YOUR GOAL: Word for word, reproduce each line of the data below, omitting every image.
(Beginning of RECORDS SHOWN)
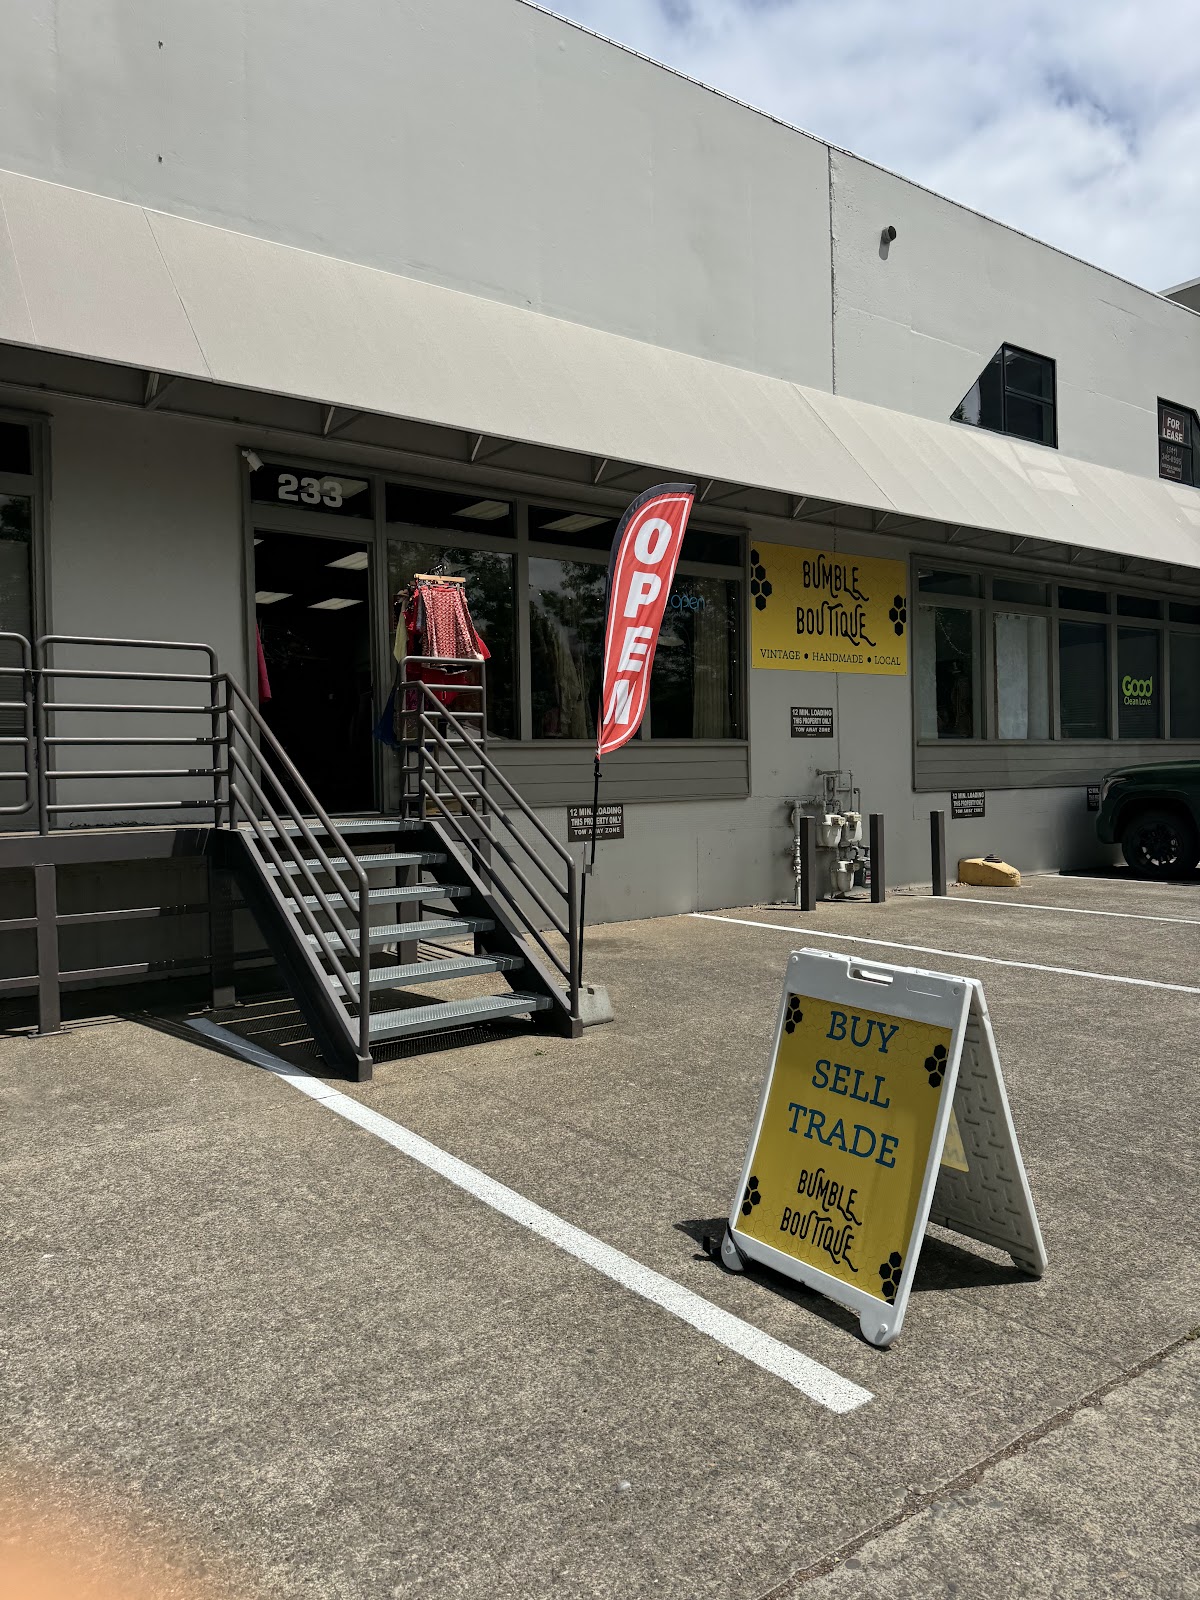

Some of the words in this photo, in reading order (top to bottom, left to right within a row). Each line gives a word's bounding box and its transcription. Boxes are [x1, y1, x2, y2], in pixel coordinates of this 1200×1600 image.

[1162, 427, 1184, 443] LEASE
[1167, 416, 1180, 431] FOR
[278, 473, 343, 508] 233
[802, 554, 870, 602] BUMBLE
[603, 517, 673, 725] OPEN
[796, 600, 877, 647] BOUTIQUE
[760, 648, 801, 661] VINTAGE
[812, 651, 864, 665] HANDMADE
[874, 655, 901, 667] LOCAL
[1122, 675, 1153, 697] Good
[1139, 697, 1152, 706] Love
[792, 708, 798, 716] 12
[570, 808, 578, 816] 12
[578, 808, 593, 816] MIN.
[596, 806, 622, 815] OADING
[571, 818, 583, 826] THIS
[583, 816, 608, 825] PROERTY
[609, 816, 622, 824] ONLY
[826, 1010, 900, 1054] BUY
[811, 1059, 891, 1109] SELL
[788, 1102, 900, 1170] TRADE
[797, 1168, 862, 1226] BUMBLE
[780, 1206, 859, 1272] BOUTIQUE
(End of RECORDS SHOWN)
SOLUTION TO THE EXERCISE:
Some of the words in this photo, in reading order (top to bottom, left to right within a row). Each line gives a word's bounding box and its transcription. Boxes are [x1, y1, x2, y2], in pixel coordinates of this 1200×1600 image.

[1162, 427, 1184, 443] LEASE
[1167, 416, 1180, 431] FOR
[278, 473, 343, 508] 233
[802, 554, 870, 602] BUMBLE
[603, 517, 673, 725] OPEN
[796, 600, 877, 647] BOUTIQUE
[760, 648, 801, 661] VINTAGE
[812, 651, 864, 665] HANDMADE
[874, 655, 901, 667] LOCAL
[1122, 675, 1153, 697] Good
[1139, 697, 1152, 706] Love
[792, 708, 798, 716] 12
[570, 808, 578, 816] 12
[578, 808, 593, 816] MIN.
[596, 806, 622, 815] OADING
[571, 818, 583, 826] THIS
[583, 816, 608, 825] PROERTY
[609, 816, 622, 824] ONLY
[826, 1010, 900, 1054] BUY
[811, 1059, 891, 1109] SELL
[788, 1102, 900, 1170] TRADE
[797, 1168, 862, 1226] BUMBLE
[780, 1206, 859, 1272] BOUTIQUE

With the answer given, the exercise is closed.